Speaking of passages and stages, several of our medical comrades seem to have caught the passage virus. Tom Okin, who was one of the hearty band of classmates at the New Orleans reunion, has retired from medical practice and become a partner in DNMR Inc., a company that operates MRI centers, including cardiac MRI’s, at St. Anthony Hospital in Denver. John Phair stepped down three years ago as Director of the Division of Infectious Diseases at Northwestern University Medical School, assuming emeritus status. While continuing to see patients, John continues his research on the epidemiology and natural history of HIV/AIDS. The new schedule has allowed Nancy and John to travel more extensively. Peter Braun has left the Harvard School of Public Health and his internal medicine practice for a career consulting in health policy and health economics. Peter is focusing on medical error in office practice and on physician payments, while continuing as one of the founding editorial board members of the Harvard Health Letter. Linda recently retired as Executive Director of Families First Parenting Programs, an award winning non-profit committed to strengthening families of all backgrounds and life circumstances.

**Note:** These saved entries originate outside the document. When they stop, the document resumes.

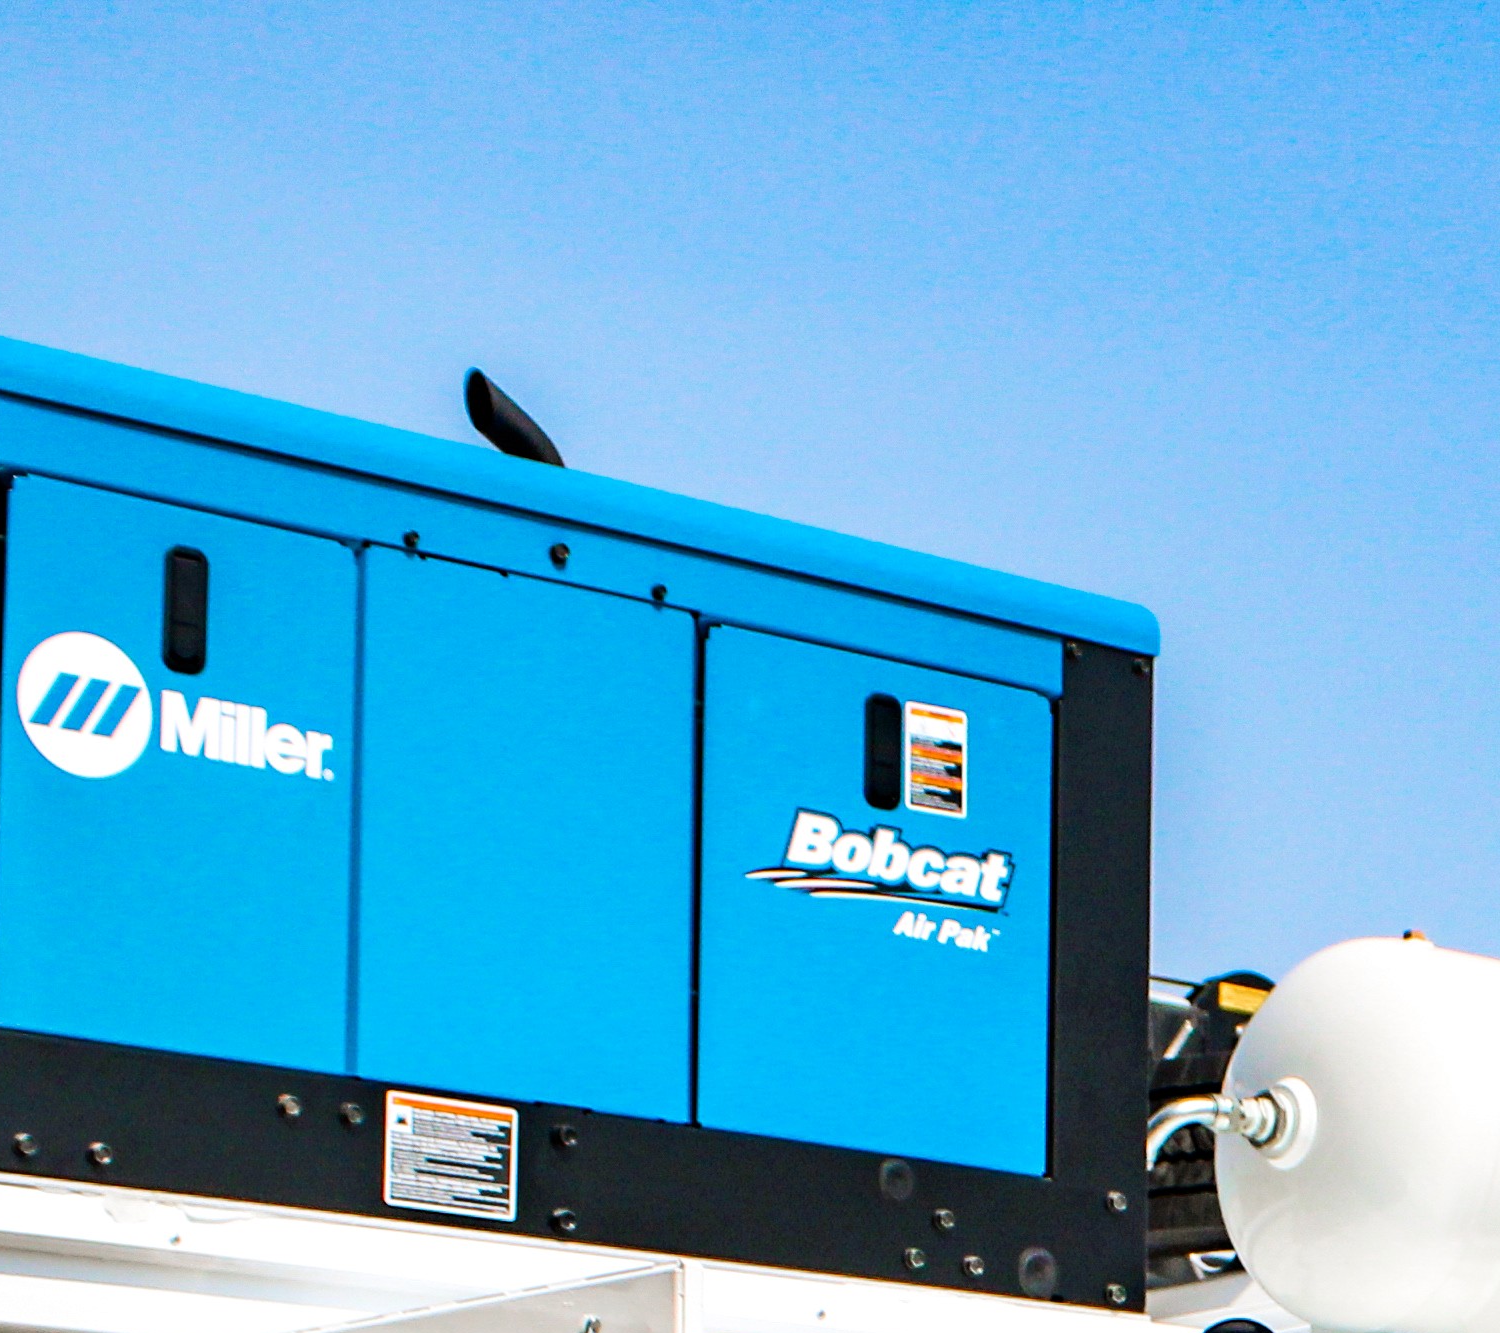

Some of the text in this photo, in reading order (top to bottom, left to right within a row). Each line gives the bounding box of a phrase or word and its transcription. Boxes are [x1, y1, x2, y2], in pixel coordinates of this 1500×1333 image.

[160, 689, 334, 781] Miller
[784, 811, 1010, 902] Bobcat
[893, 911, 937, 941] Air
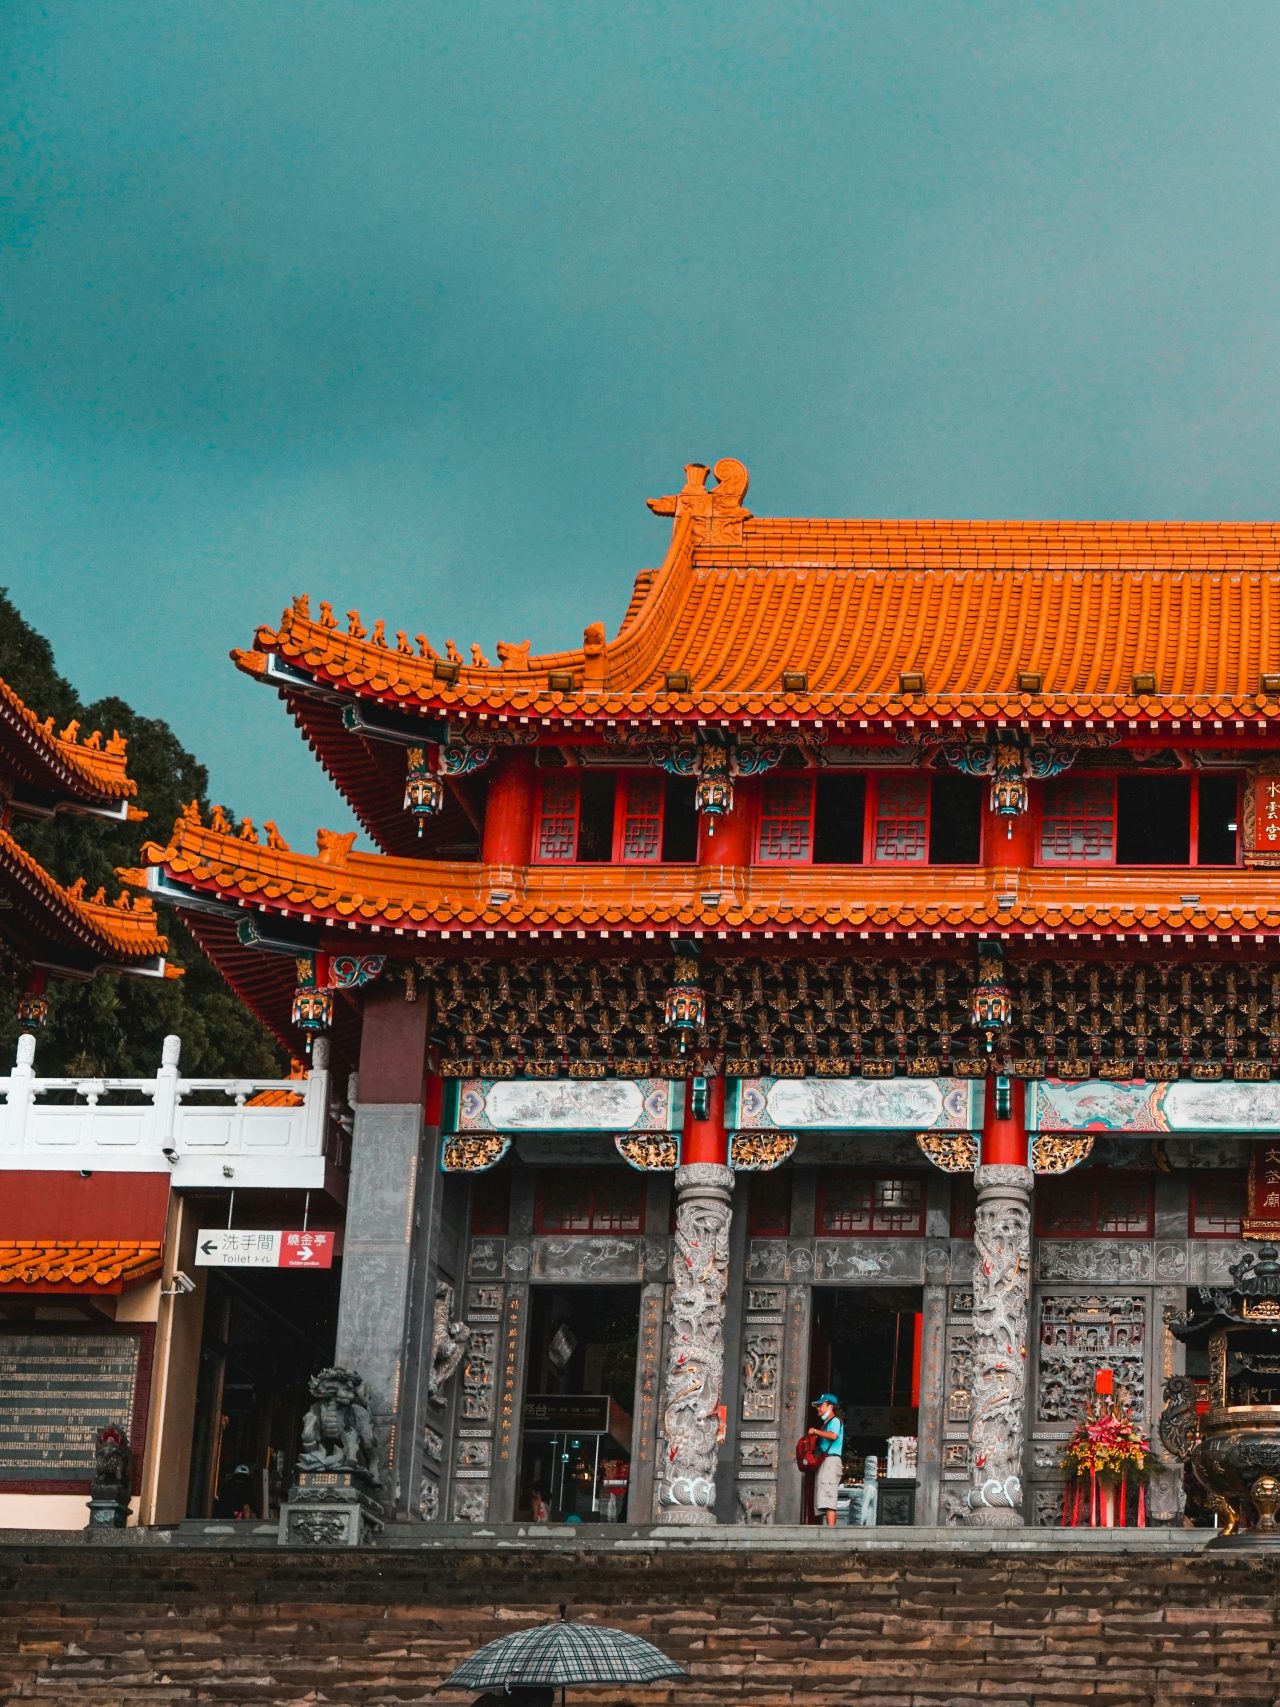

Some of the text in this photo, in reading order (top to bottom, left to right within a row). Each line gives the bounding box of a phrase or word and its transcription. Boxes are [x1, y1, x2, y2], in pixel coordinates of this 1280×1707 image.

[222, 1233, 274, 1251] 洗手間
[287, 1233, 326, 1247] 燒金亭
[222, 1254, 272, 1264] Toilet トイレ
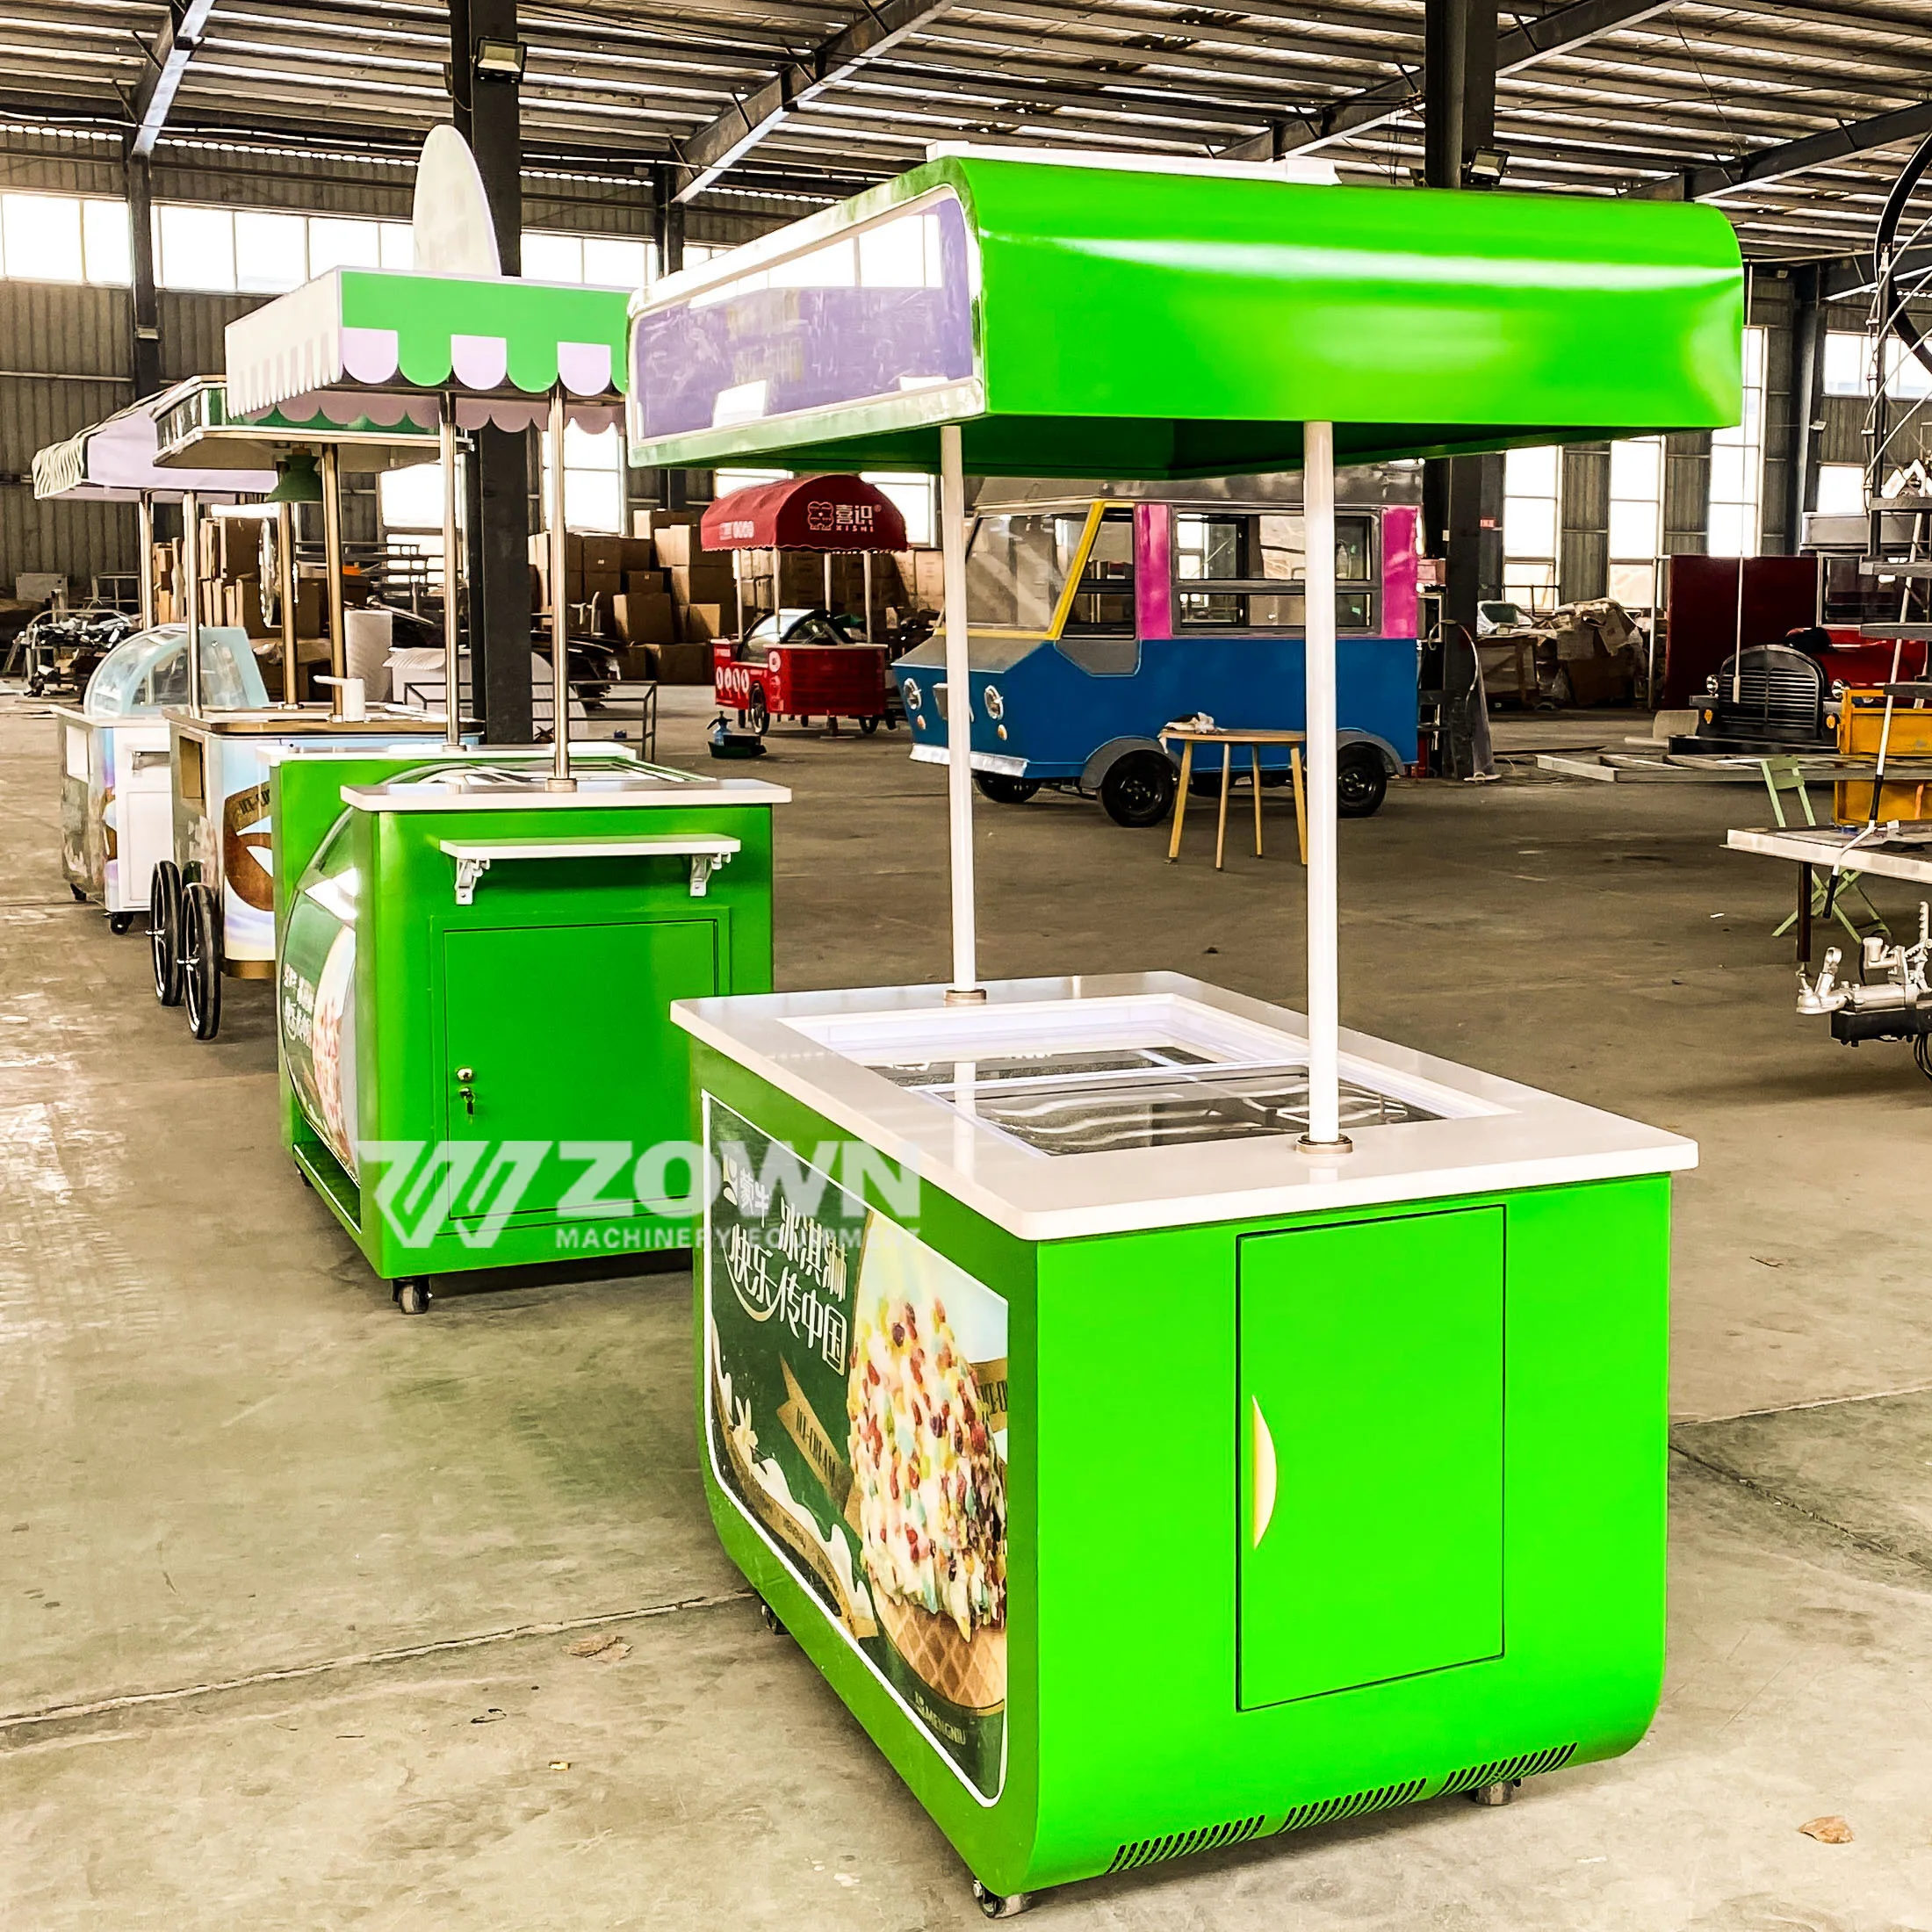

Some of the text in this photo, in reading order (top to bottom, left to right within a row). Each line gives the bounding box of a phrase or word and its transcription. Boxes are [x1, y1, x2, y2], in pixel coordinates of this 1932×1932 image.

I regret to report the death of two classmates. Fred Held, who died on May 31st, was the retired superintendent of planning and industrial engineering for DuPont at Remington Arms. Fred fought in the Korean War, at the landing in Inchon and at the battle of Choisin Resevoir. Fred was very active in community and Methodist Church affairs. He is survived by his wife, Jeanette, and four children, who may be reached at One Sharon Road, Trumbull, CT 06611.


Gene Robinson’s wife, Helen, was kind enough to send me the program from Gene’s memorial service. Gene died on February 11th. He grew up as an army “brat” and came to Yale on an NROTC scholarship, graduating Phi Beta Kappa. After five years in the navy, Gene attended Stanford Law School, becoming a corporate attorney. After suffering a heart attack on Christmas Eve 1977, Gene’s life was transformed. He participated in a Type A Behavior Modification study, retired from his law career at age 54 and dedicated 18 years to Kairos, an organization that provides Christian Ministry and support to incarcerated men and women and their families. Helen and their four children may be reached at 1312 Vintner Way, Pleasanton, CA 94566-6939

Two final pleas: Do join us for the class dinner on the Saturday night of the Princeton game. AND…Please send in your class dues, adding to the basic donation if at all possible, as we strive to raise the funds required to support our glorious 50th reunion. We are counting on you.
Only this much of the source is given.